_Work instructions_: Output only the entries, exactly as given, without the pictures.

_Data extract_:
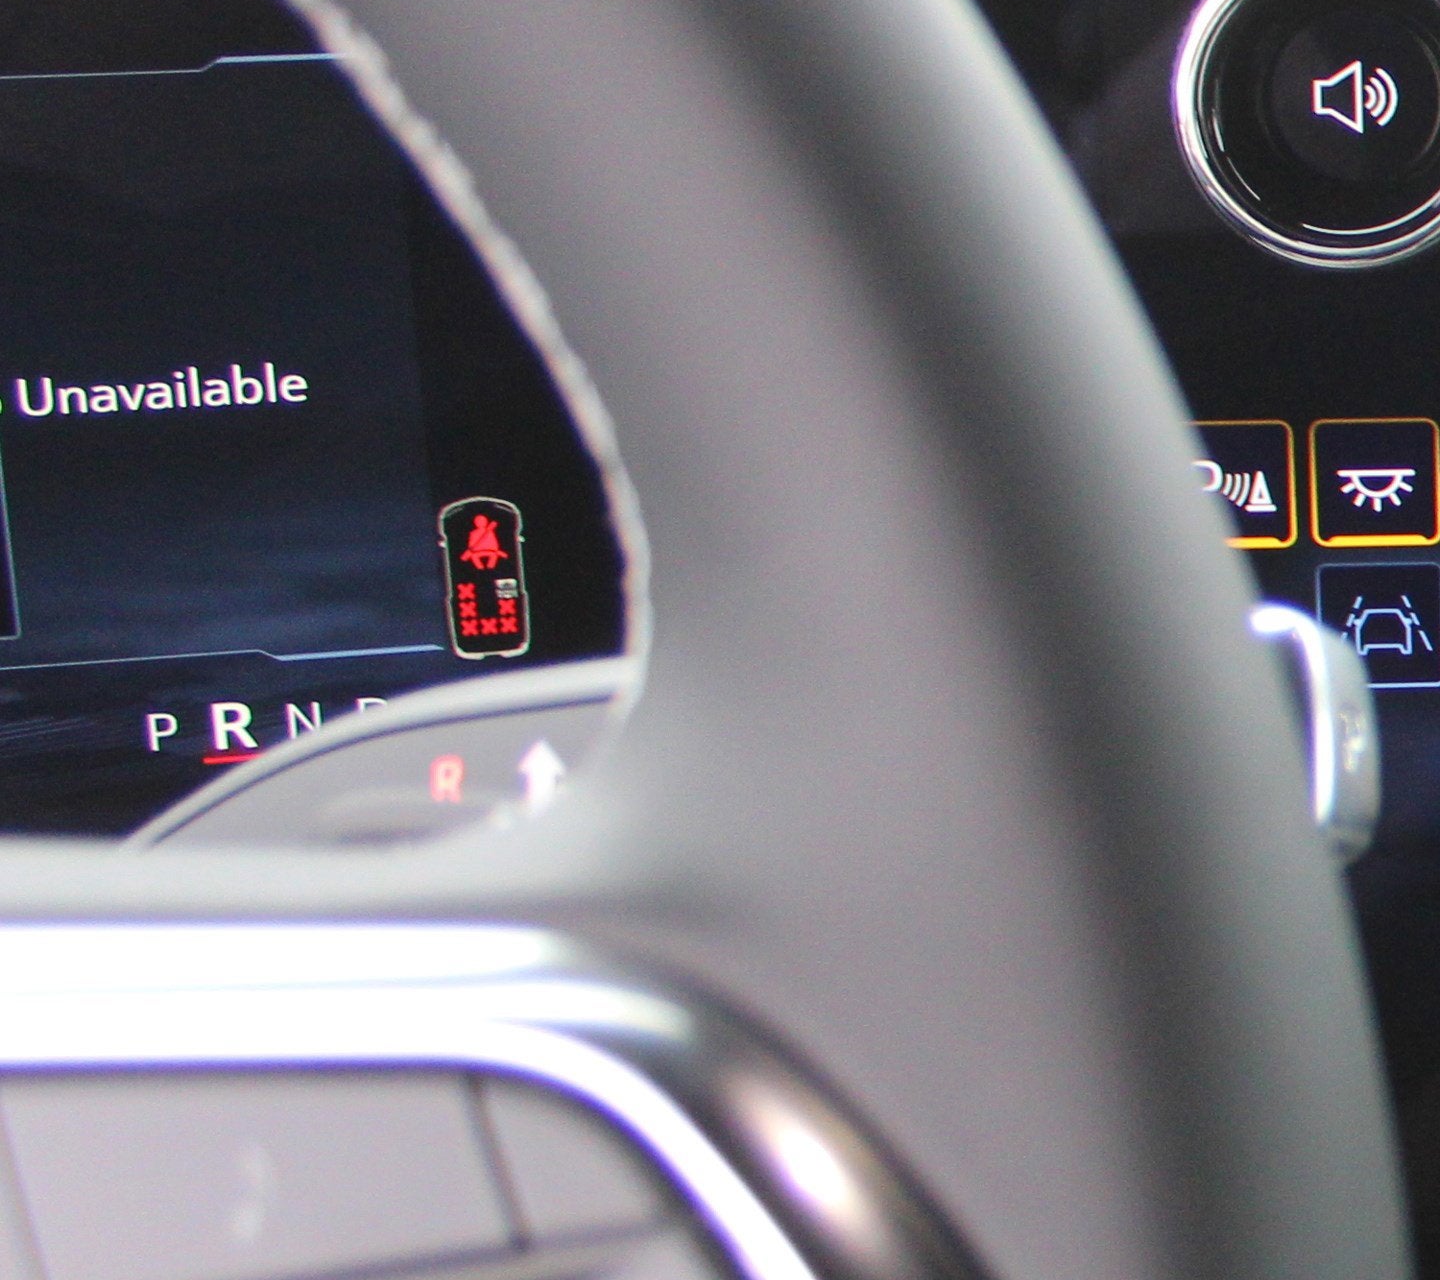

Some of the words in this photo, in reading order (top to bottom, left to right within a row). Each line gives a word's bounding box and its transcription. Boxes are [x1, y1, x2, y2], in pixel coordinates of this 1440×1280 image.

[15, 361, 308, 418] Unavailable
[146, 712, 178, 752] P
[211, 700, 259, 750] R
[285, 700, 324, 739] N
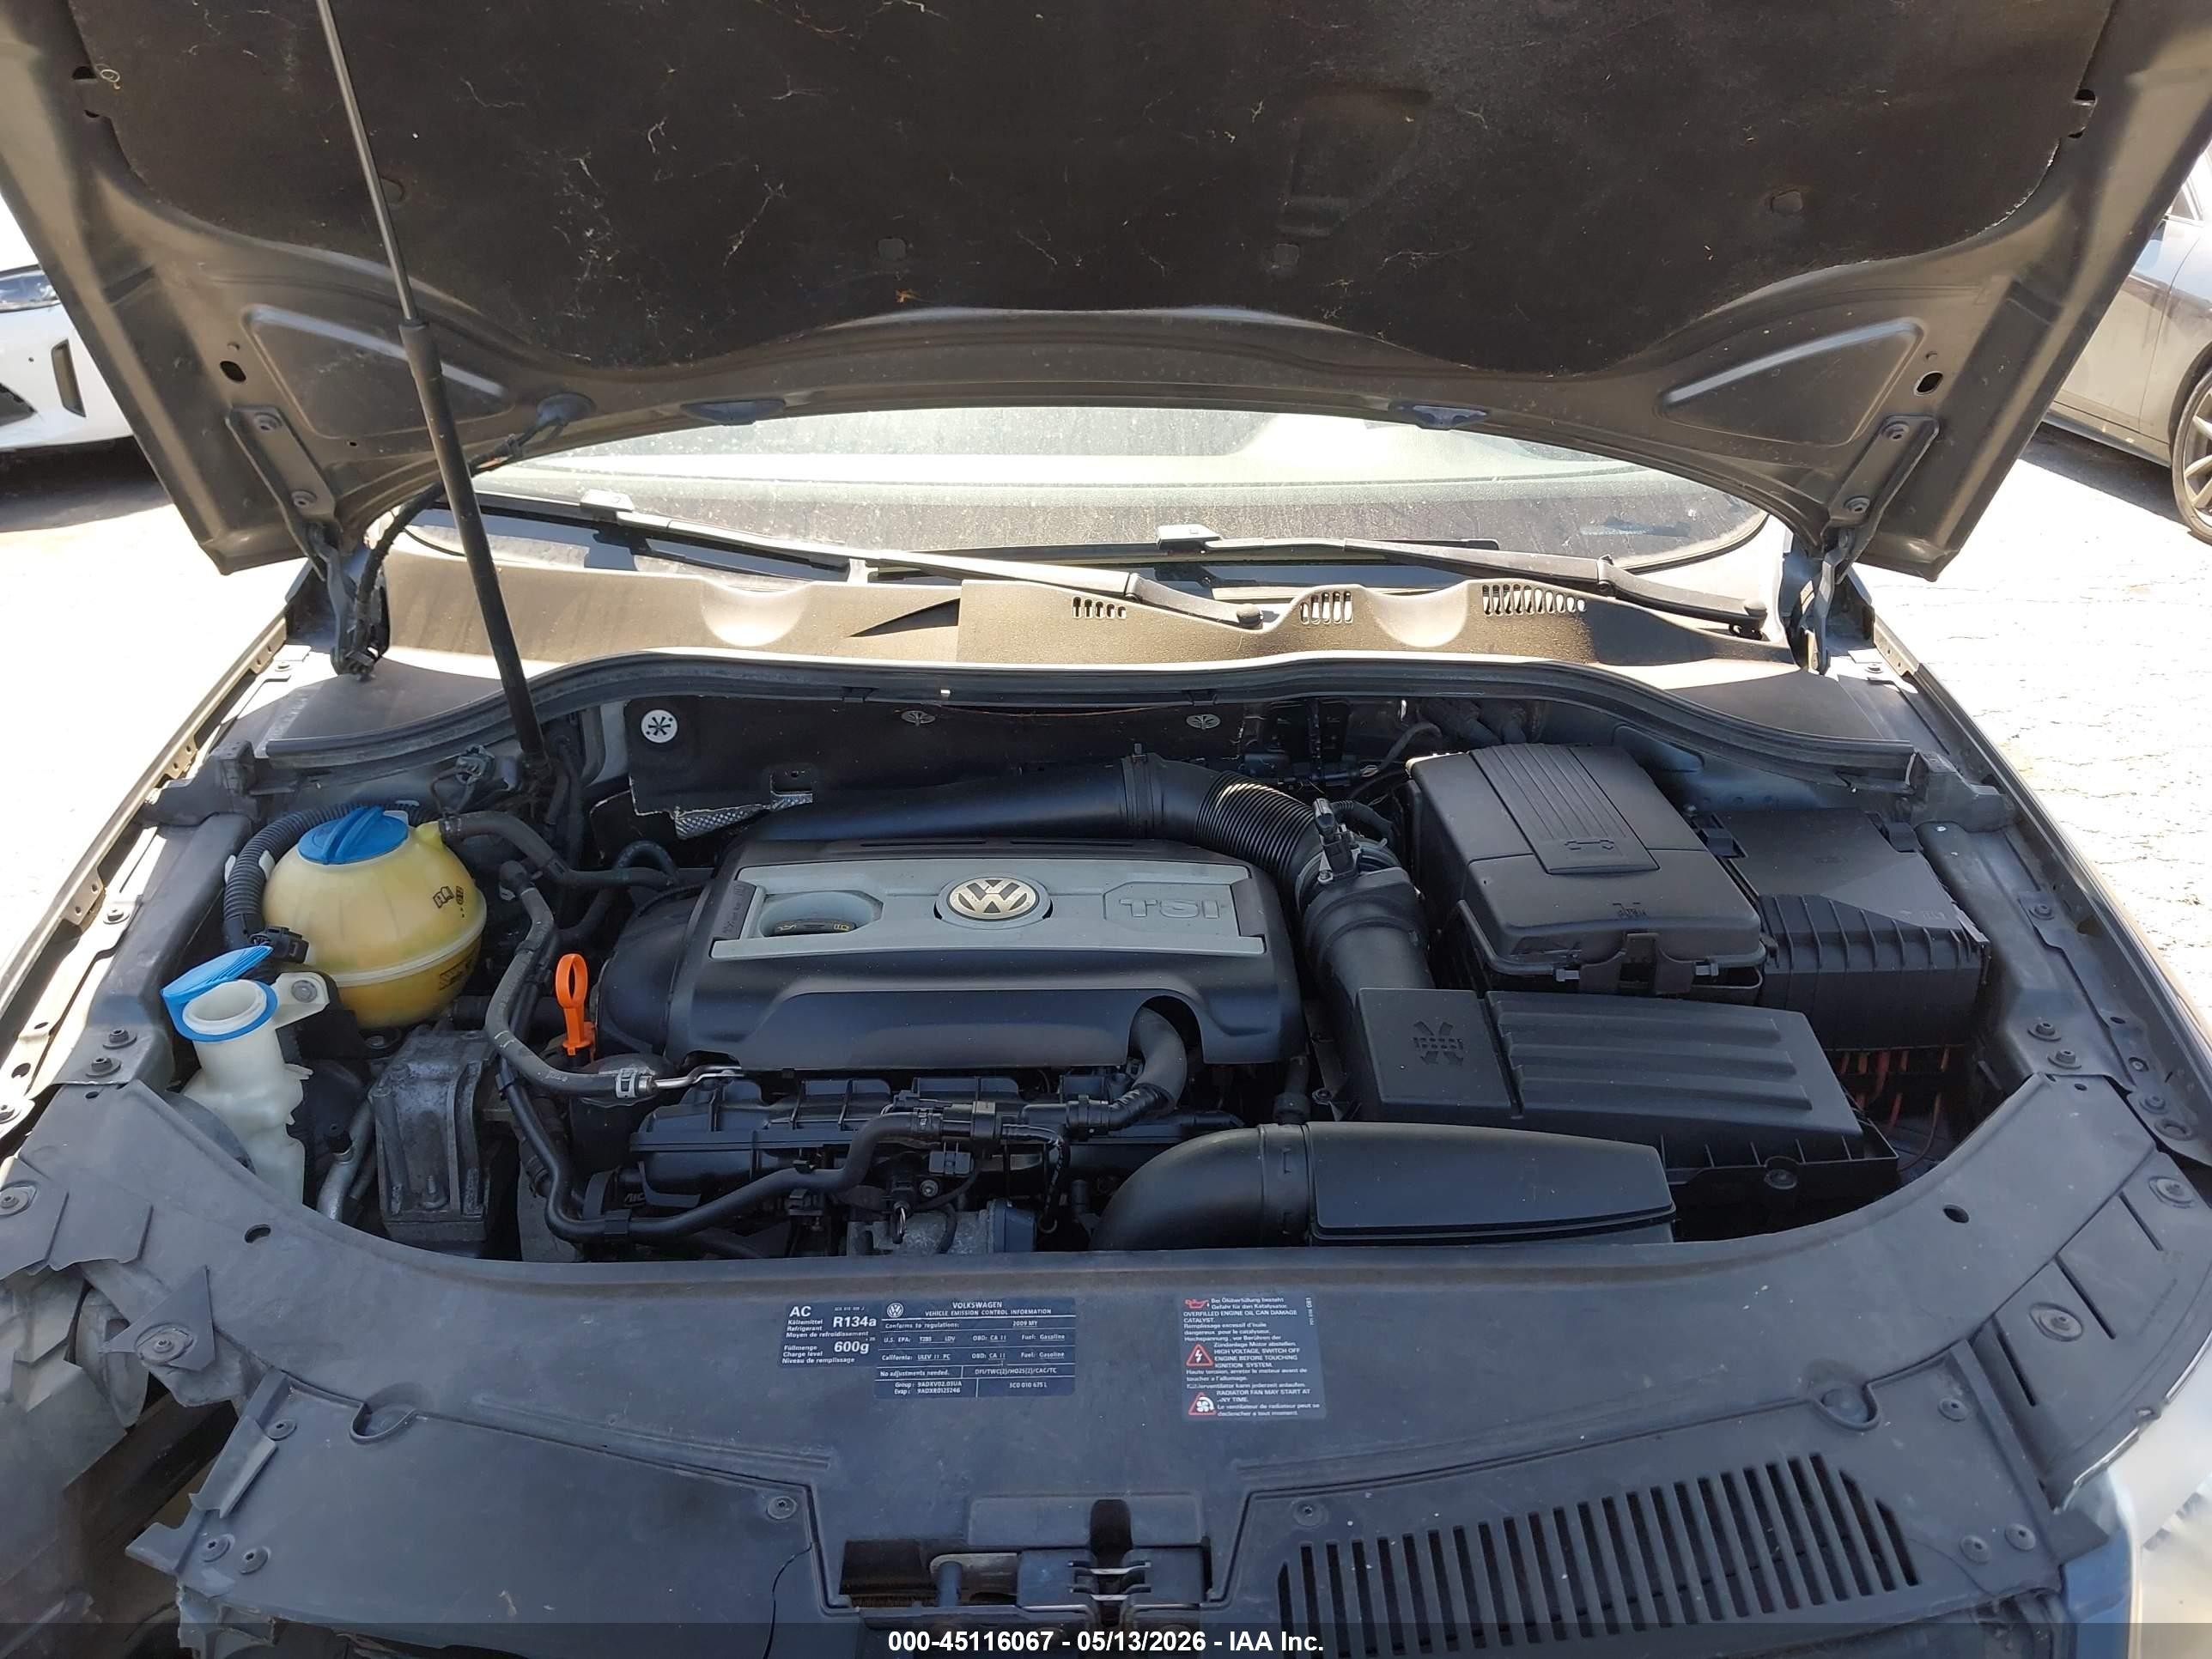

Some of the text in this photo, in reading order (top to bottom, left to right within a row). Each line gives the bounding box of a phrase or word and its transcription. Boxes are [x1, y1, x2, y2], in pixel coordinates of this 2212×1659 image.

[1119, 899, 1220, 919] TSI
[789, 1305, 811, 1317] AC
[833, 1316, 877, 1328] R134a
[834, 1340, 870, 1354] 600g

_Result for this exercise_:
Some of the words in this photo, in reading order (top to bottom, left to right within a row). Each line gives a word's bounding box and its transcription. Boxes are [x1, y1, x2, y2], in pixel coordinates of this 1440×1280 image.

[15, 361, 308, 418] Unavailable
[146, 712, 178, 752] P
[211, 700, 259, 750] R
[285, 700, 324, 739] N

Some of the text in this photo, in reading order (top to bottom, left to right within a row). Each line gives the bounding box of a phrase or word and its transcription. Boxes are [x1, y1, x2, y2], in pixel coordinates of this 2212×1659 image.

[1119, 899, 1220, 919] TSI
[789, 1305, 811, 1317] AC
[833, 1316, 877, 1328] R134a
[834, 1340, 870, 1354] 600g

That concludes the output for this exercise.